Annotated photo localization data
- - -

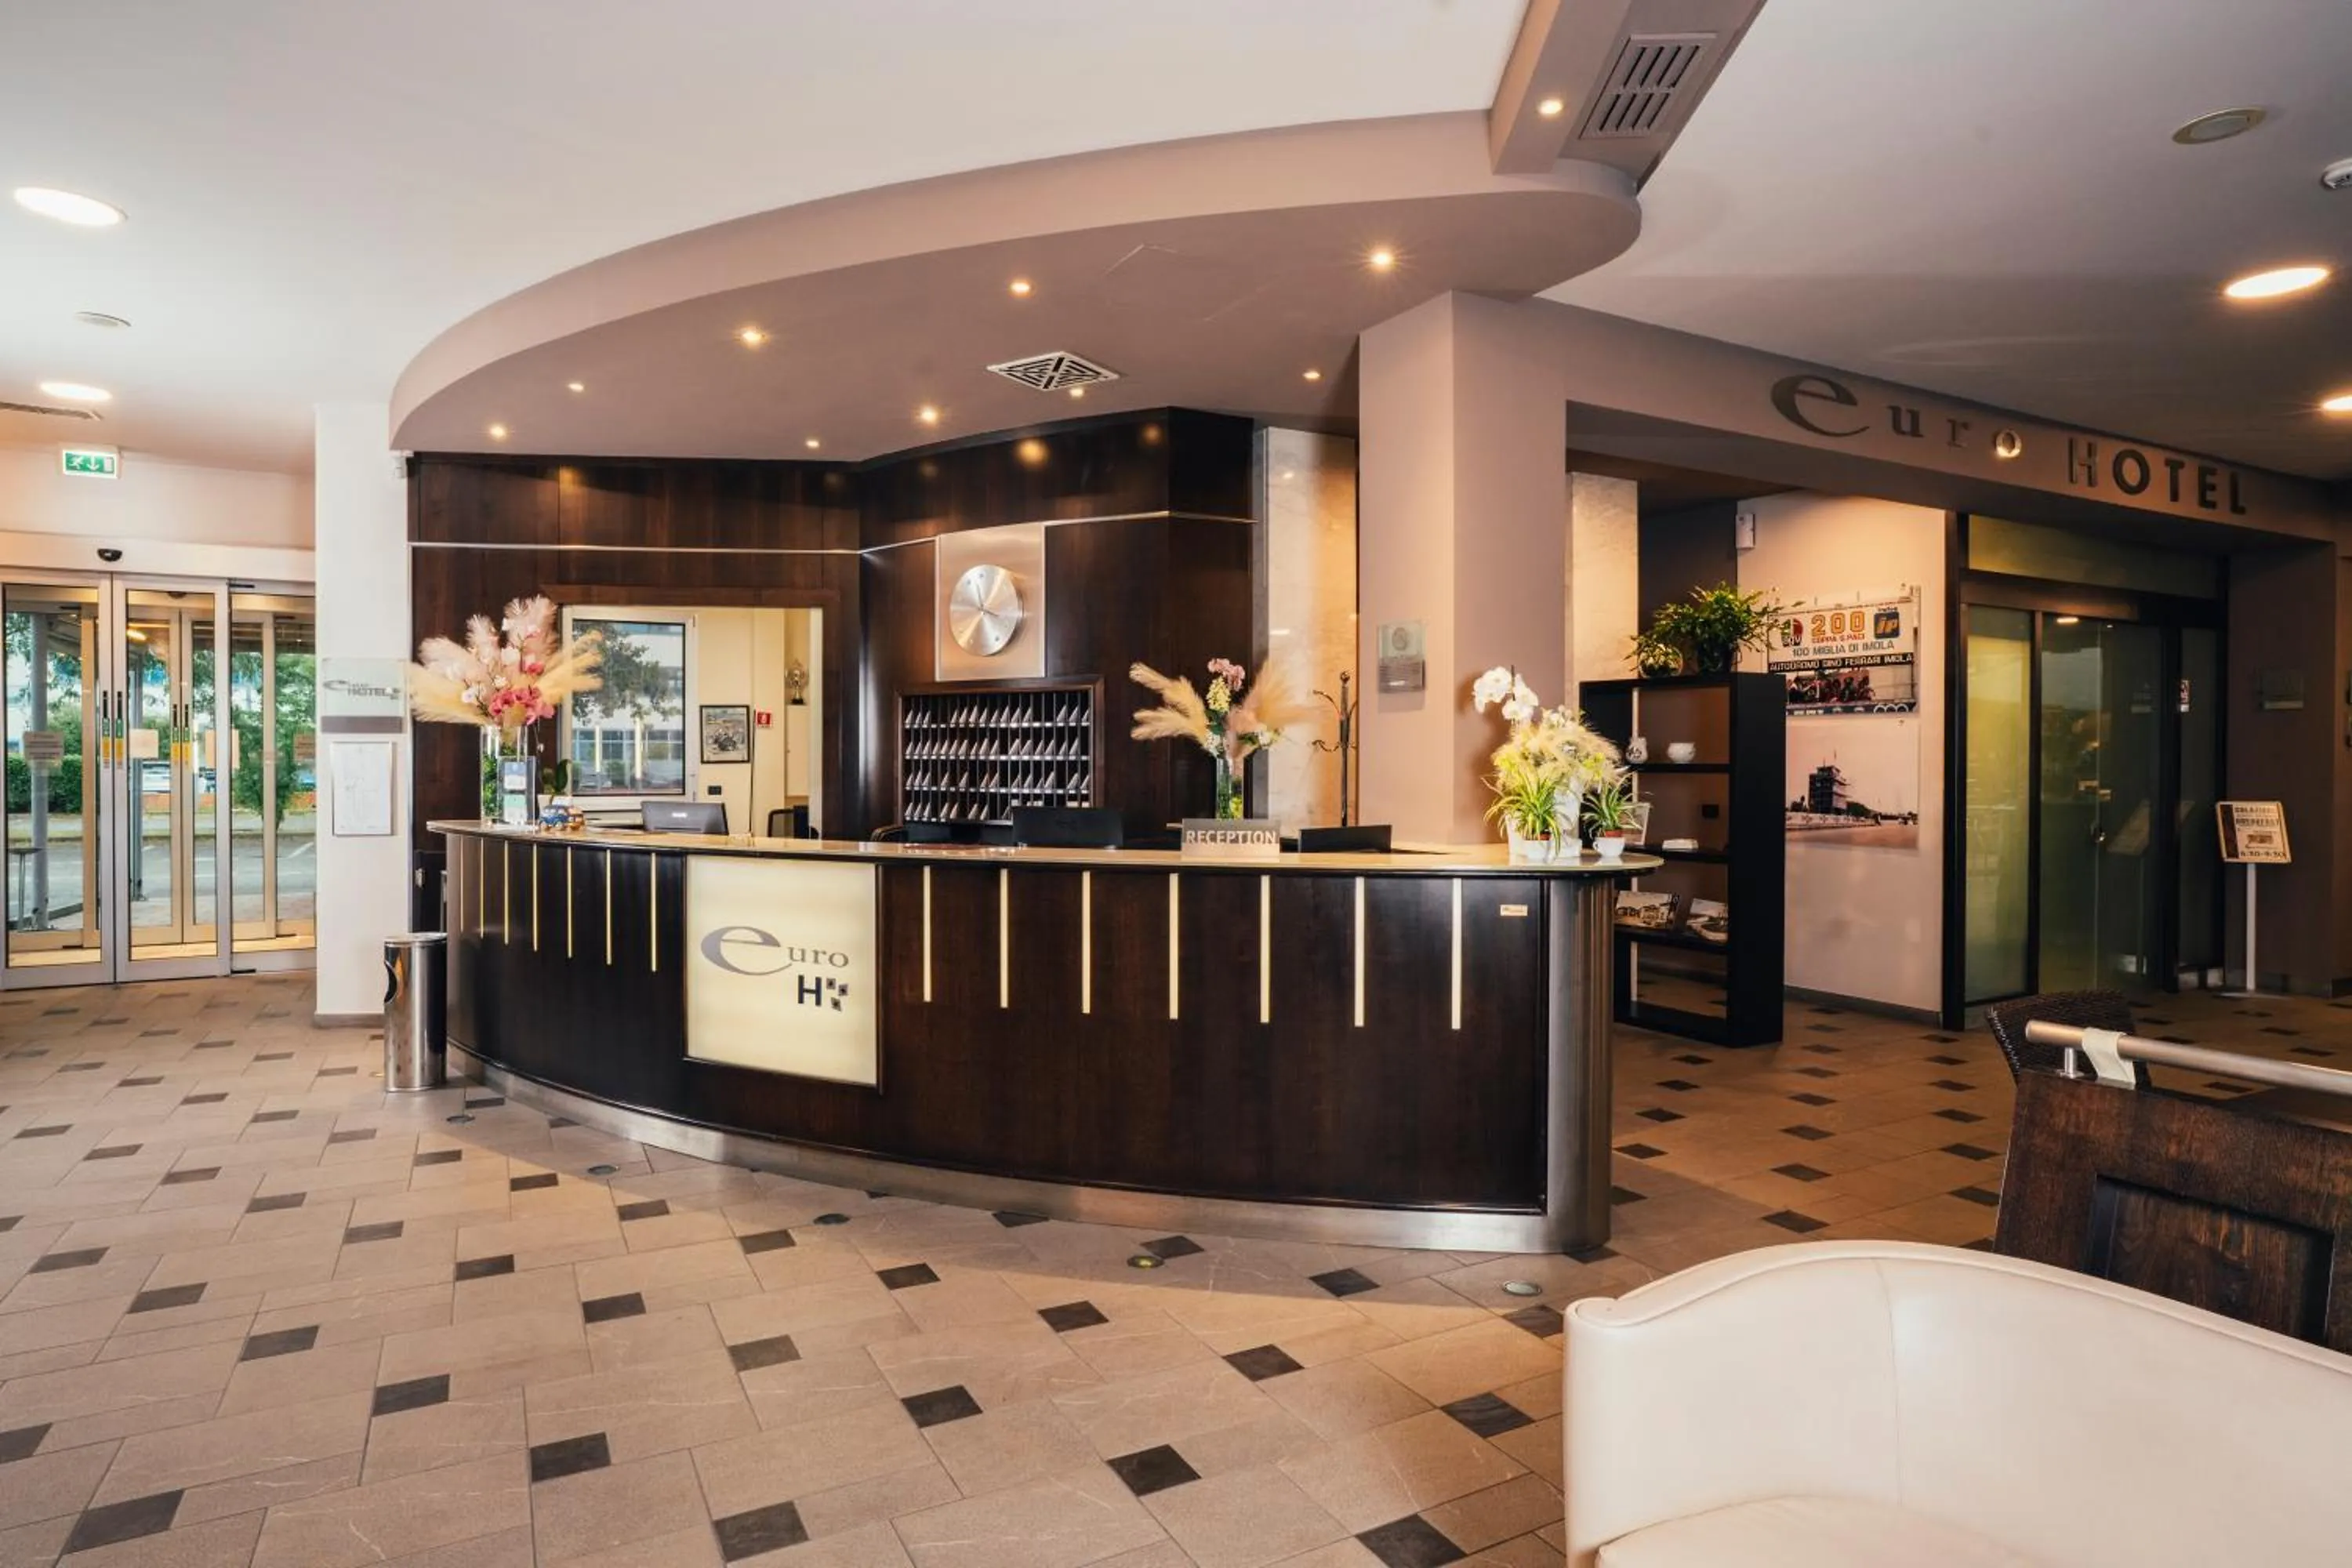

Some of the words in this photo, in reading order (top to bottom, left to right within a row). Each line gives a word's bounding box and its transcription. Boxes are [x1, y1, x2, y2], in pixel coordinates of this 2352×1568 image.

[2067, 437, 2247, 515] HOTEL
[1811, 610, 1865, 637] 200
[1792, 647, 1809, 657] 100
[1813, 644, 1846, 656] MIGLIA
[1849, 643, 1860, 652] DI
[1862, 640, 1895, 652] IMOLA
[1769, 660, 1820, 671] AUTODROMO
[1823, 659, 1842, 668] DINO
[1845, 655, 1881, 666] FERRARI
[1884, 652, 1913, 663] IMOLA
[1186, 829, 1276, 844] RECEPTION
[701, 926, 850, 976] euro

- - -

What this task involves ::
Send back the data above verbatim, leaving out its pictures.

Answer to this exercise ::
Some of the words in this photo, in reading order (top to bottom, left to right within a row). Each line gives a word's bounding box and its transcription. Boxes are [x1, y1, x2, y2], in pixel coordinates of this 2352×1568 image.

[2067, 437, 2247, 515] HOTEL
[1811, 610, 1865, 637] 200
[1792, 647, 1809, 657] 100
[1813, 644, 1846, 656] MIGLIA
[1849, 643, 1860, 652] DI
[1862, 640, 1895, 652] IMOLA
[1769, 660, 1820, 671] AUTODROMO
[1823, 659, 1842, 668] DINO
[1845, 655, 1881, 666] FERRARI
[1884, 652, 1913, 663] IMOLA
[1186, 829, 1276, 844] RECEPTION
[701, 926, 850, 976] euro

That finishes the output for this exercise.